ECMO is a modified form of cardiopulmonary bypass that maintains tissue oxygenation from days to weeks in critically ill patients with respiratory and/or heart failure [19]. In VA ECMO, a.k.a. cardiac ECMO, deoxygenated blood is drawn, via a large cannula in the vena cava by a pump, to pass through an artificial lung for oxygenation and removal of carbon dioxide. Oxygenated blood is then returned to the arterial circulation via a peripheral cannula, typically in the femoral artery. ECMO is commonly indicated in those with compromised hemodynamic status as a bridging therapy to heart transplantation, but also occasionally as a bridging therapy to allow cardiovascular recovery. Concurrent with previous studies and case reports, upon restoration of a euthyroid state, rapid normalization of hemodynamics, spontaneous termination of AF, and improvement in left ventricular systolic function were observed in both of our cases, suggesting the highly reversible nature of hyperthyroidism-related cardiomyopathy. More aggressive initial circulatory support in the form of VA-ECMO should therefore be considered earlier in the course of hyperthyroidism-related cardiomyopathy with circulatory collapse.

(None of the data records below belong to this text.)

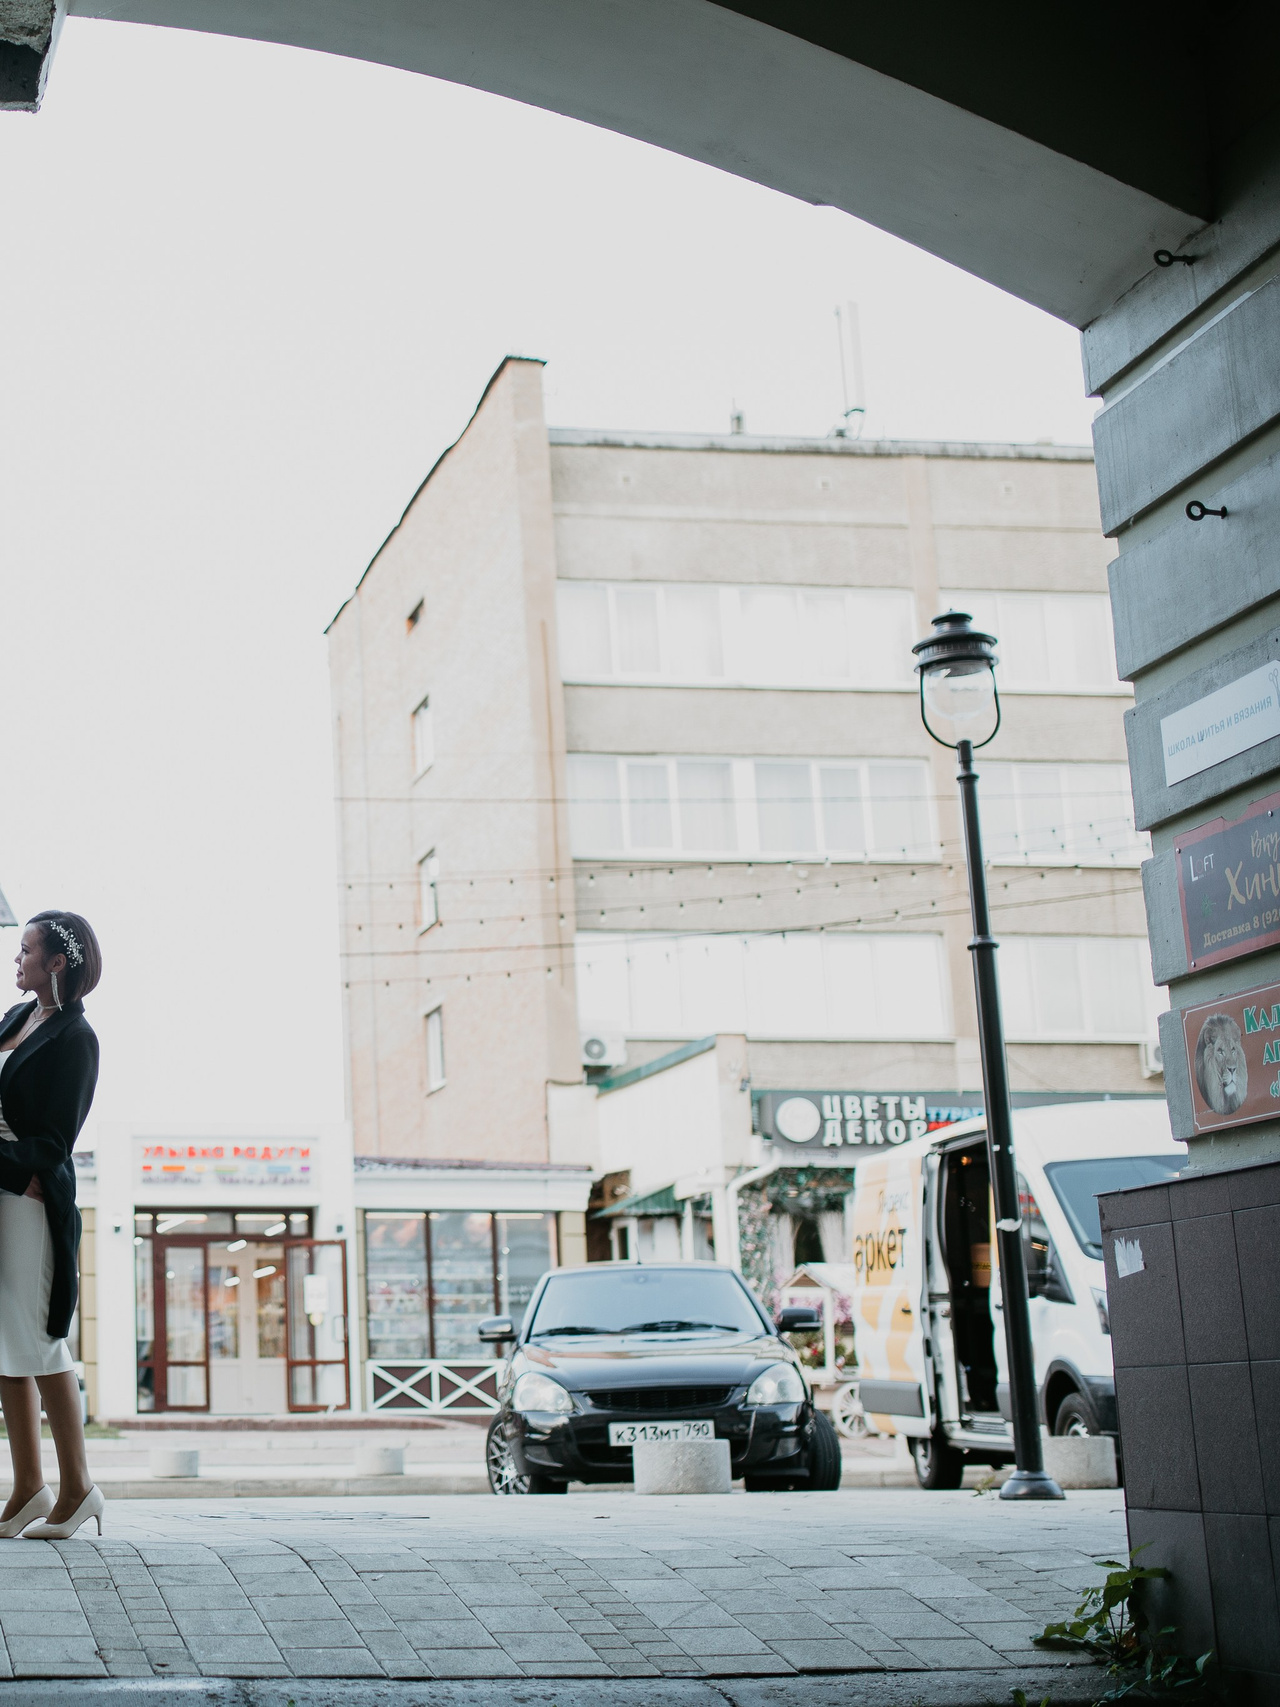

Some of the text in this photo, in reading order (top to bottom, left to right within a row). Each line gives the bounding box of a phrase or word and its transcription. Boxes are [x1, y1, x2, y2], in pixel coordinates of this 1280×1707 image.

[1167, 695, 1273, 757] ШКОЛА ШИТЬЯ И ВЯЗАНИЯ
[1224, 860, 1280, 911] Хин
[1202, 921, 1251, 949] Доставка
[1253, 915, 1260, 929] 8
[821, 1094, 927, 1121] ЦВЕТЫ
[822, 1119, 928, 1147] ДЕКОР
[683, 1423, 710, 1437] 790
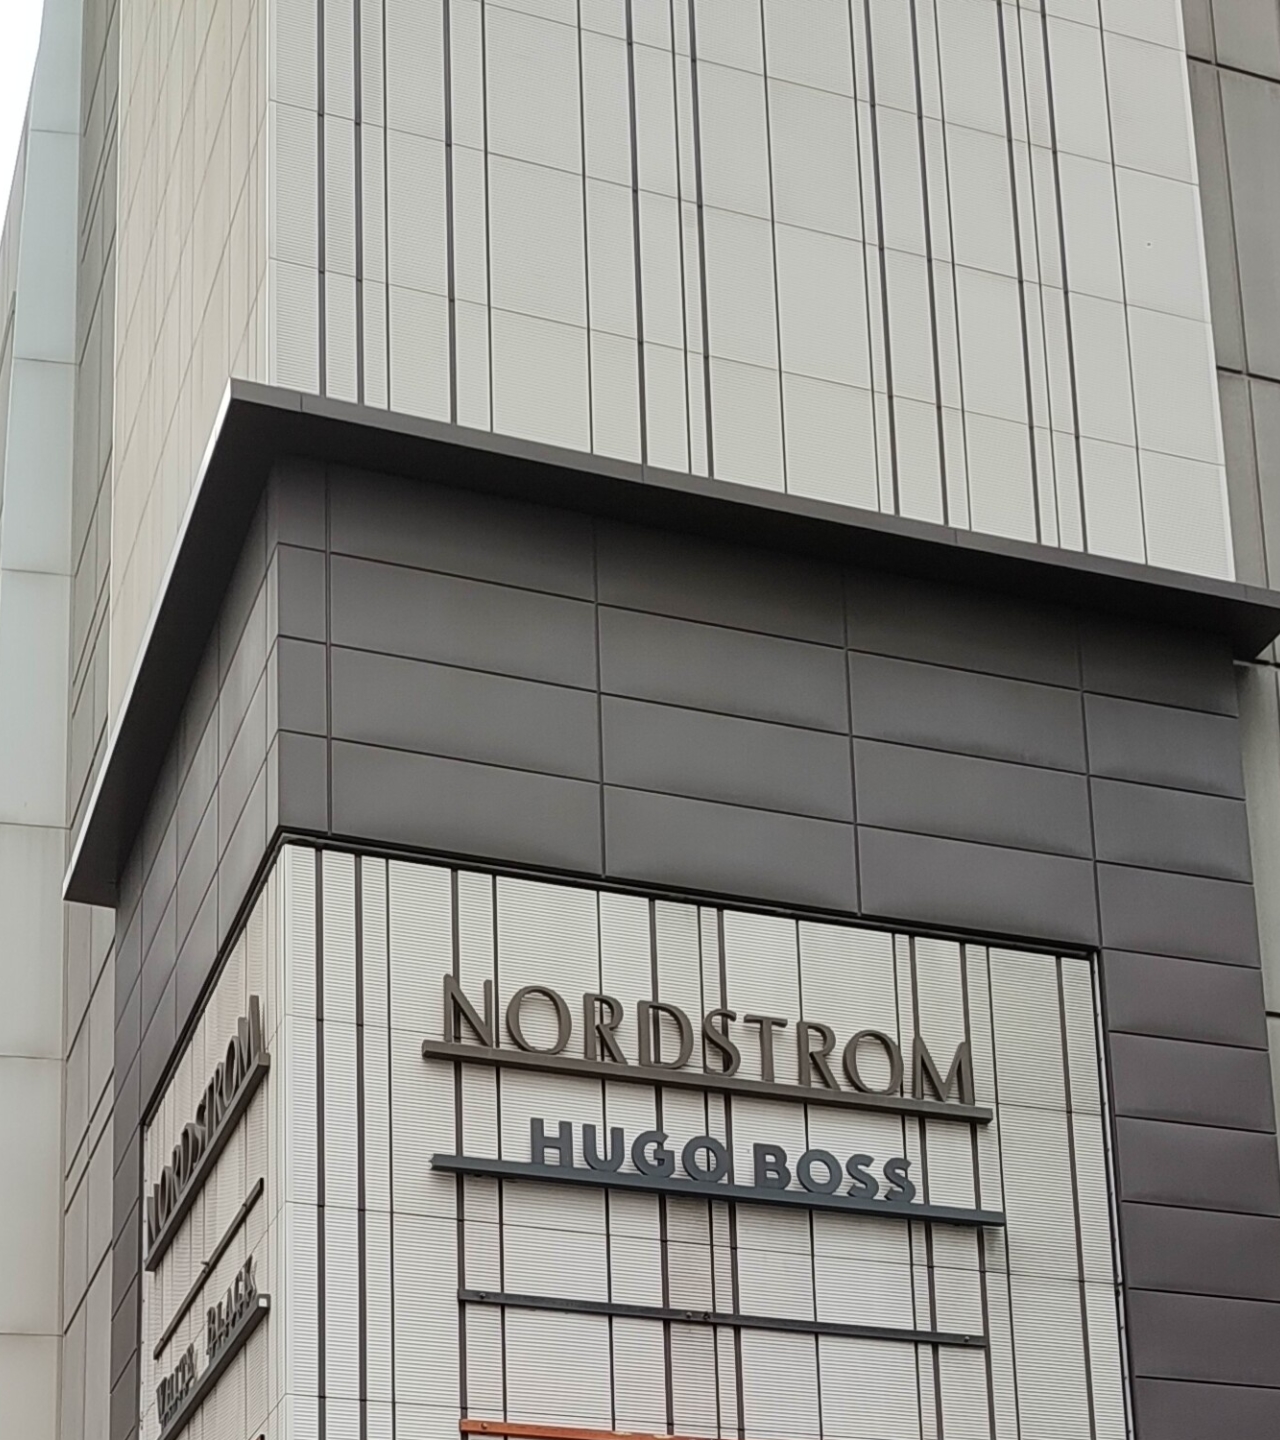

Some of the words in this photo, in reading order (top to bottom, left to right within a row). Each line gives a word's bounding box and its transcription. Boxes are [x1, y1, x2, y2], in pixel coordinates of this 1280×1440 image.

[442, 973, 976, 1106] NORDSTROM
[529, 1117, 729, 1184] HUGO
[752, 1142, 917, 1203] BOSS
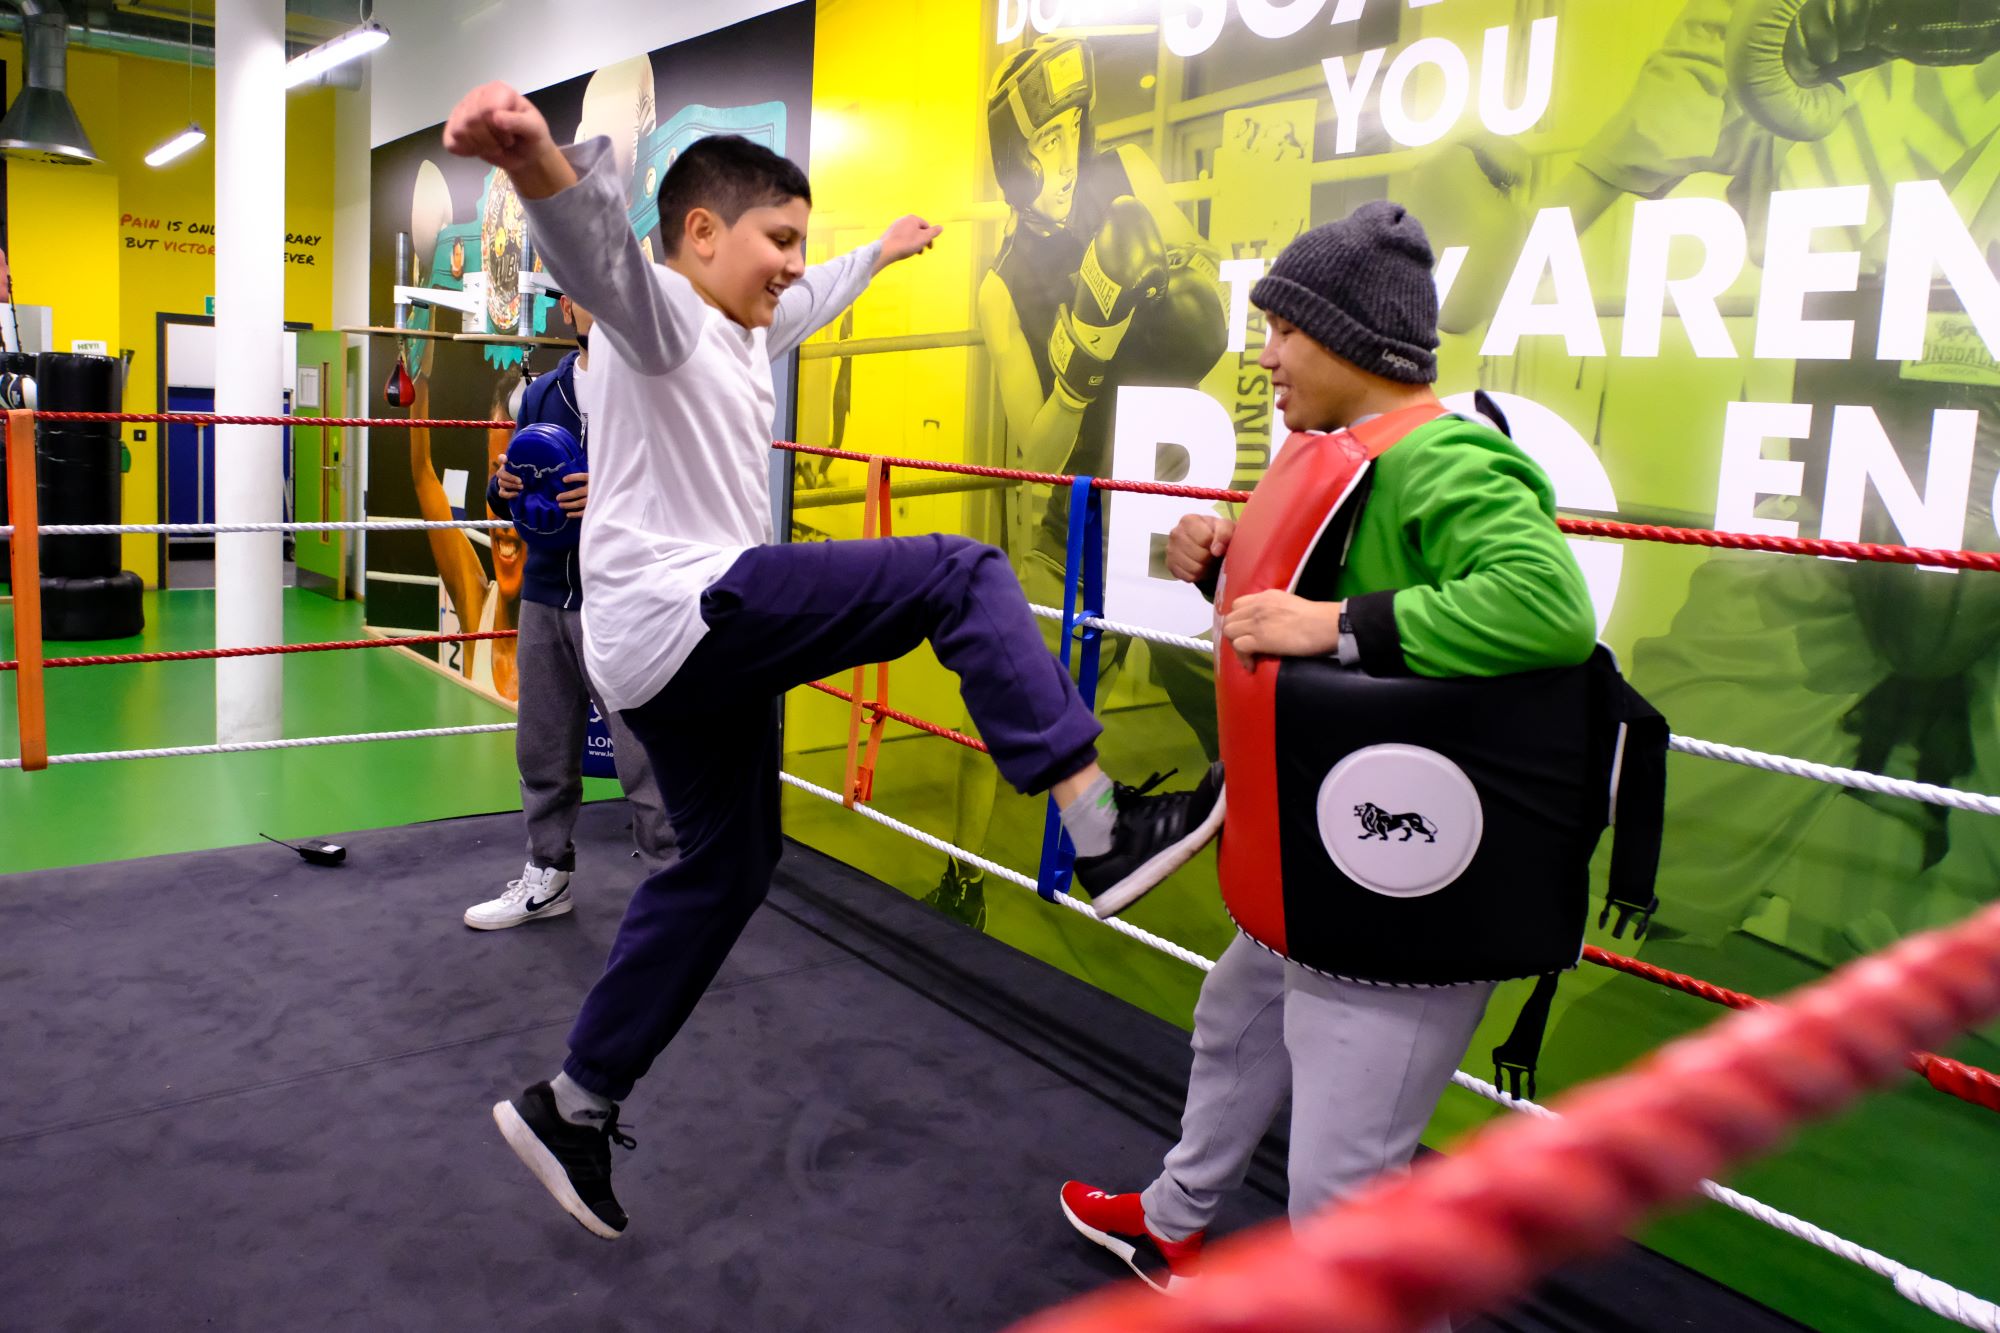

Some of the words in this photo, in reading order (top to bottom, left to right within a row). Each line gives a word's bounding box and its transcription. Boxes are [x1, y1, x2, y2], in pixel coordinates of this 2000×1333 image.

[1321, 16, 1557, 153] YOU
[120, 213, 160, 229] PAIN
[167, 221, 183, 231] IS
[125, 237, 159, 249] BUT
[1713, 401, 2000, 574] EN
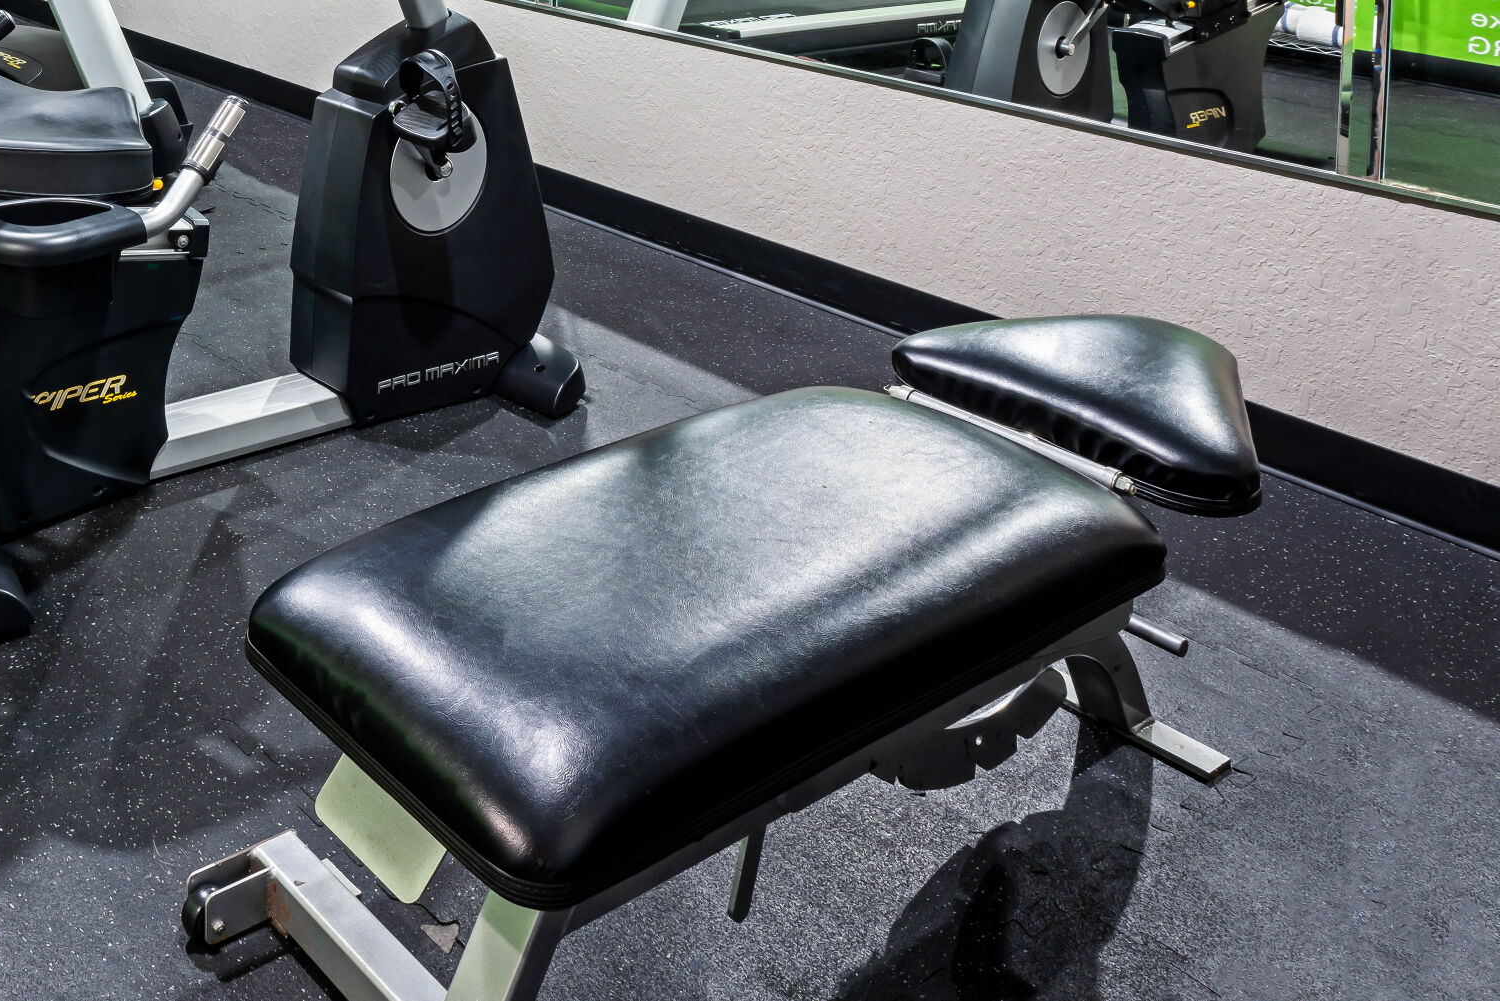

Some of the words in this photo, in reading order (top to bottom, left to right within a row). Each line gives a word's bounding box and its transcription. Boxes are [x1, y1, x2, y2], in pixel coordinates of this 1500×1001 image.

Hyperthyroidism-related cardiomyopathy with circulatory collapse is often a fatal condition. Given its highly reversible nature, more aggressive initial mechanical circulatory support in the form of VA-ECMO is warranted.

Competing Interest

The authors declare that they have no competing interests.

Authors’ Contributions

VP reviewed and summarized patients’ data. VP and CY were major contributors in writing the manuscript. All authors read and approved the final manuscript.